Almost anything often becomes DATA. Building a deep understanding of the varied data types could also be an important prerequisite for doing Exploratory Data Analysis (EDA) and have Engineered for Machine Learning models. you moreover may have to change over information sorts of certain factors so on structure proper decisions for visual encodings in information representation and narrating.

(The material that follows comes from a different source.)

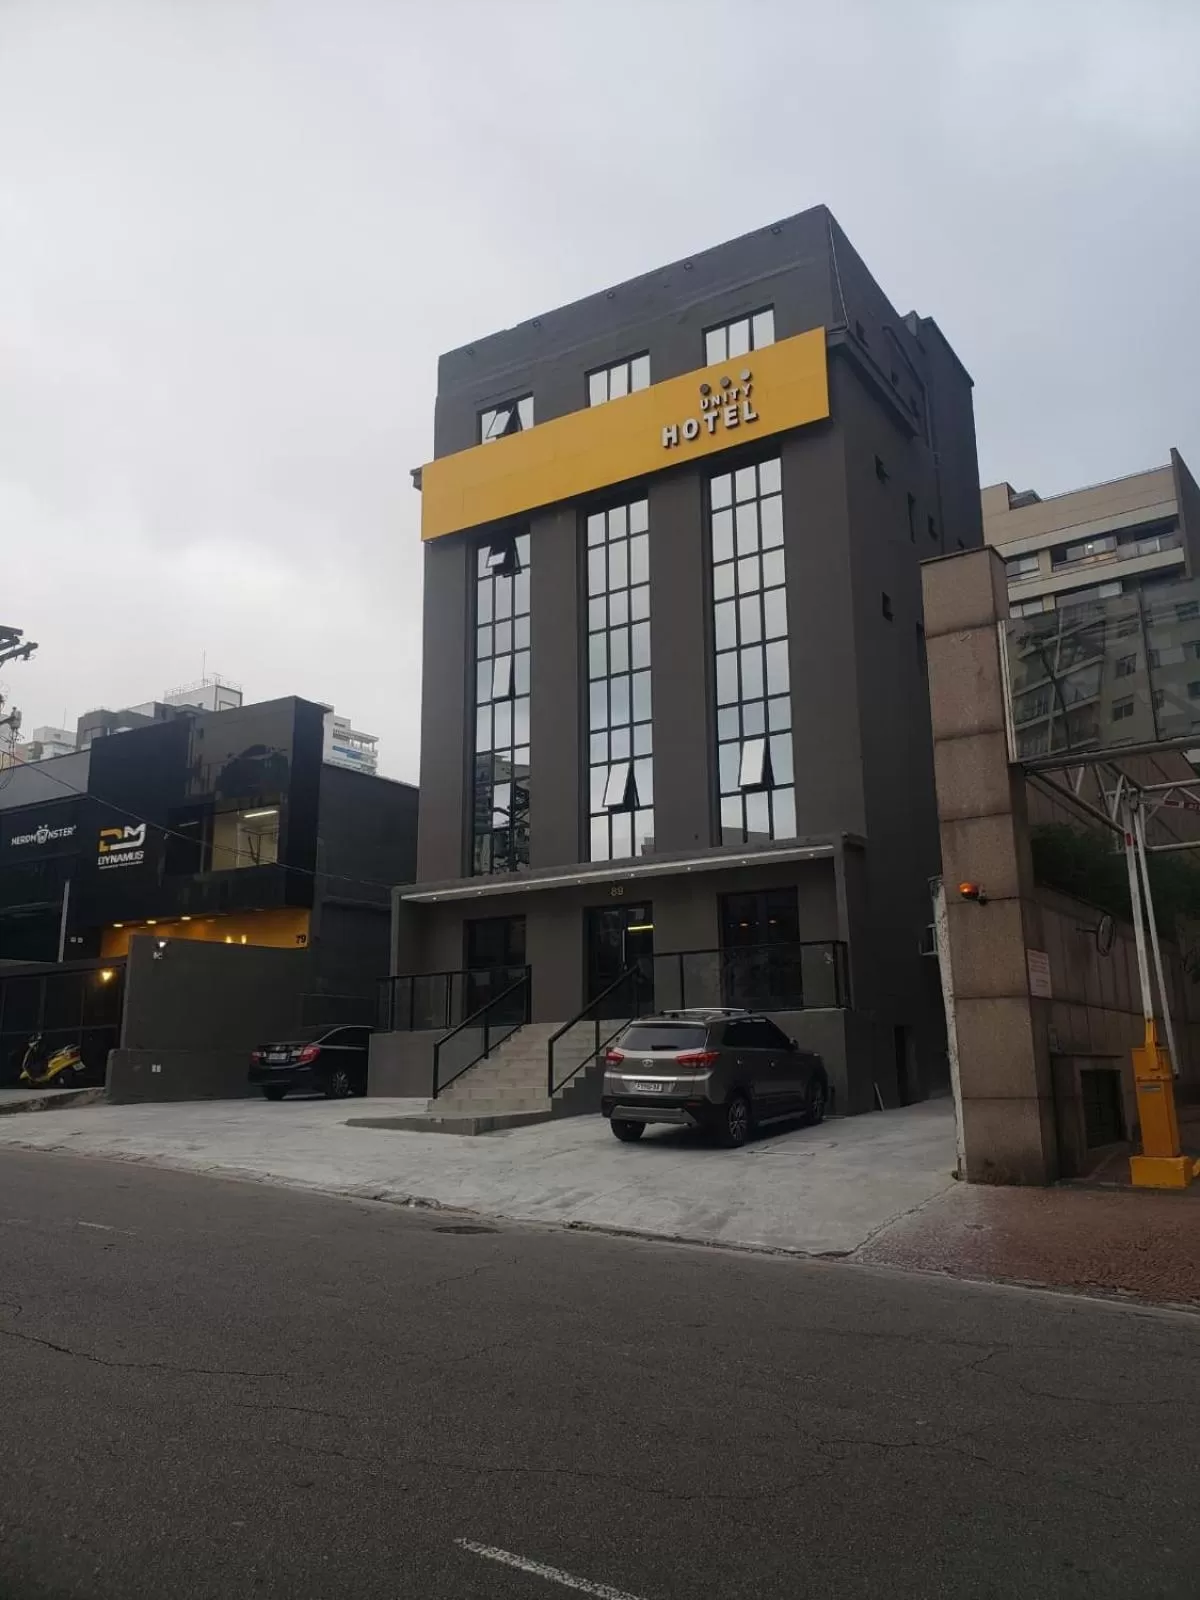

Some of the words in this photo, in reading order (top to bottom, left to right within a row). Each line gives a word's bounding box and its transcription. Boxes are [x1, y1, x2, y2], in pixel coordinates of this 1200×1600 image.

[700, 383, 753, 411] UNITY
[662, 400, 759, 448] HOTEL
[610, 886, 624, 896] 89
[295, 934, 307, 944] 79

Most information is regularly ordered into 4 fundamental sorts from a Machine Learning viewpoint: mathematical information, straight out information, time-series information, and text.
Mathematical information is any information where information focuses are precise numbers. Analysts additionally may call mathematical information, quantitative information. This information has importance as an estimation like house costs or as a check, similar to the measure of private properties in l.a. or what percentage houses sold within the past year.
Mathematical information is regularly described by constant or discrete information. Continuous data can assume any value within a variety whereas discrete data has distinct values.
Categorical data represents characteristics, like a hockey player’s position, team, hometown. Categorical data can take numerical values. for instance, maybe we might use 1 for the color red and a couple for blue. But these numbers don’t have a mathematical meaning. That is, we can’t add them together or take the typical.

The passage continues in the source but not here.